Per dirla in termini più tecnici, l’India spingerà affinché venga applicato l’articolo 9.1 dell’Accordo di Parigi, che stabilisce l’obbligo per i Paesi sviluppati di fornire risorse finanziarie ai Paesi in via di sviluppo. I Paesi ricchi, invece, stanno cercando di spostare il focus sull’articolo 9.3, che parla di “mobilitazione” — un linguaggio più vago e meno vincolante.
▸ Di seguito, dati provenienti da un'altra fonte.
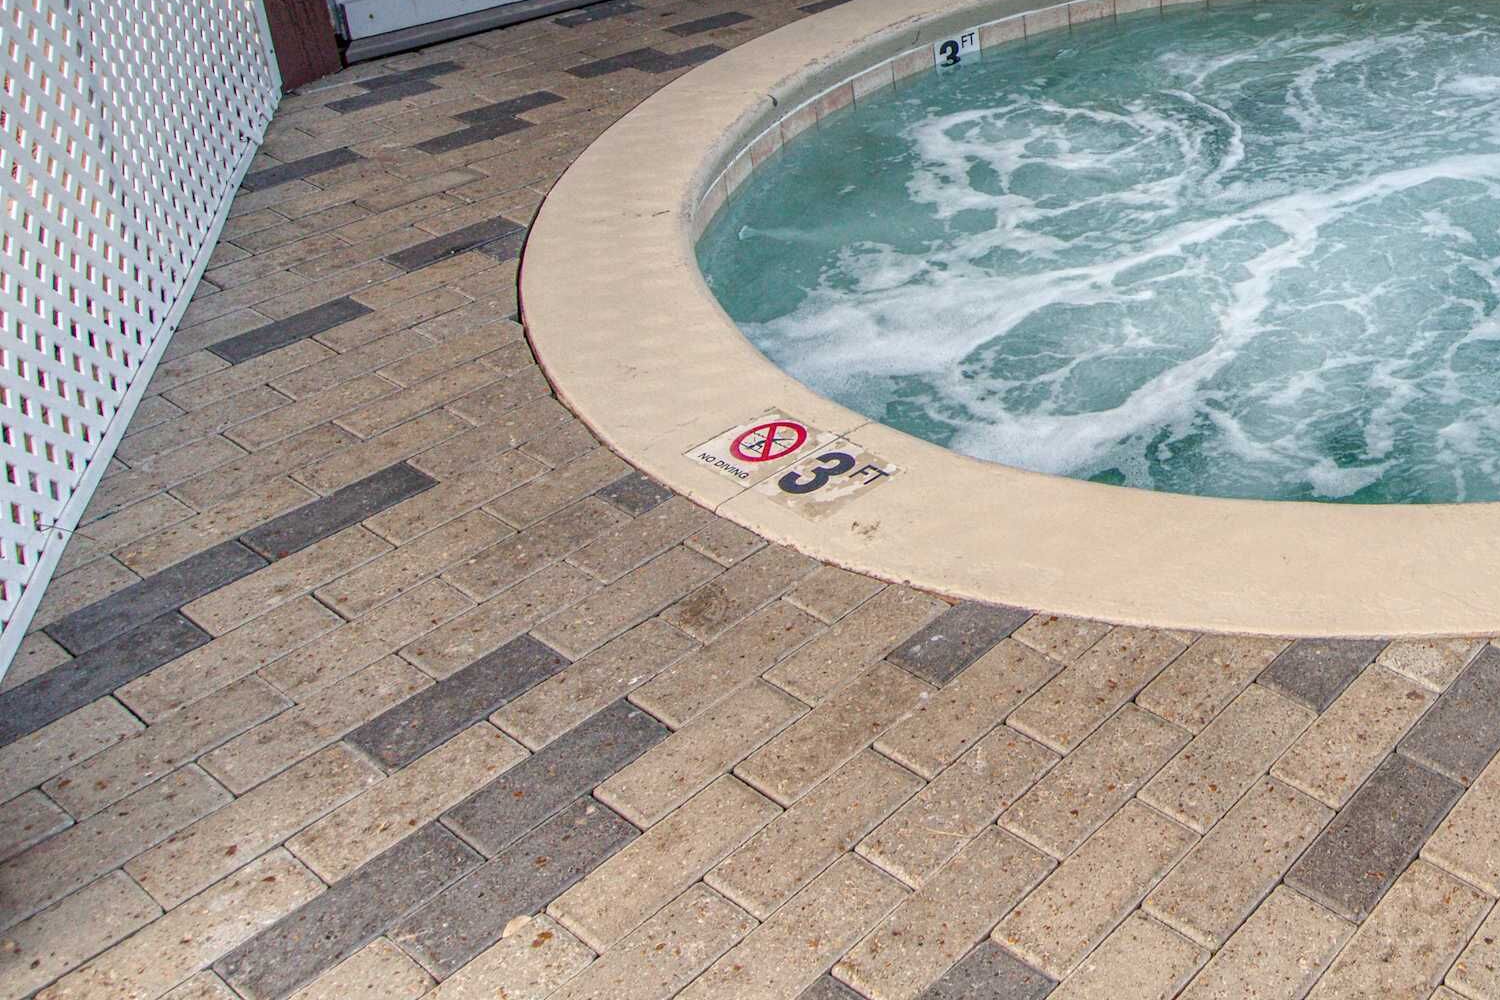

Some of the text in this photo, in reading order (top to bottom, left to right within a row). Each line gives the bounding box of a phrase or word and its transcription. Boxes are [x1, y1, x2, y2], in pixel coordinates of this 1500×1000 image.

Come vedete è un gioco delle parti da cui è difficile uscire. O perlomeno, è difficile uscirne restando all’interno di questa scatola, di questa architettura diplomatica. Se avete ascoltato la puntata in cui parlavo di una nuova possibile struttura delle COP, capite a cosa mi riferisco, sennò ve la lascio fra le fonti.
Ci sono state un po’ di elezioni importanti. Ve le dico un po’ al volo perché ci siamo dilungati un bel po’ con l’India.
Si è votato nelle Marche e ha vinto il centrodestra, che quindi ha confermato il Presidente della regione Francesco Acquaroli con un vantaggio non gigantesco, e in linea con quello che dicevano i sondaggi. Il Post lo descrive così: “Un politico poco carismatico, militante storico della destra a Macerata, e soprattutto da sempre molto vicino a Giorgia Meloni”.
L’affluenza è stata piuttosto bassa, di circa il 50 per cento, e quindi in netto calo rispetto alle elezioni del 2020, ben dieci punti in meno, che sono tanti anche se bisogna considerare che in quell’occasione si votava anche per eleggere i sindaci in diversi comuni importanti della regione e per il referendum sulla riduzione del numero dei parlamentari.
I giornali però stanno dando molto peso alla notizia perché sono state le prime elezioni post estate, e quindi un termometro politico importante, e anche perché erano elezioni abbastanza incerte. Il risultato di questo termometro segna una cosa abbastanza chiara. Agli italiani, di questa politica, importa sempre meno.
Si è votato anche in Valle d’Aosta, una votazione molto più ignorata dai media, perché dice poco a livello politico nazionale, e questo mostra come le elezioni regionali siano considerate soprattutto in base a quello che ci dicono della politica nazionale.
Qui l’Union Valdôtaine è risultato il primo partito e assieme ai suoi alleati di centrosinistra sfiora il 50%, mentre il centrodestra è sotto il 35%. Qui però il presidente non è eletto direttamente, ma scelto successivamente dal Consiglio regionale.
Infine si è votato in Moldavia, dove c’è stato un discreto caos, come ci si poteva aspettare, vistto che il paese è uno di quelli che si trova a metà strada fra Ue e Russia: comunque, il partito europeista Pas della attuale presidente Maia Sandu ha vinto con oltre il 50% dei voti, rafforzando la spinta del Paese verso l’ingresso nell’Unione Europea.
Il voto è stato fortemente polarizzato tra europeisti e filorussi, con accuse di interferenze massicce da parte della Russia, che avrebbe tentato di destabilizzare il processo democratico con disinformazione, hackeraggi e finanziamenti occulti. Mosca ha denunciato brogli e limitazioni al voto dei cittadini all’estero e nella regione separatista della Transnistria. L’OCSE ha parlato di “gravi interferenze straniere”, ma alla fine le elezioni sono state convalidate.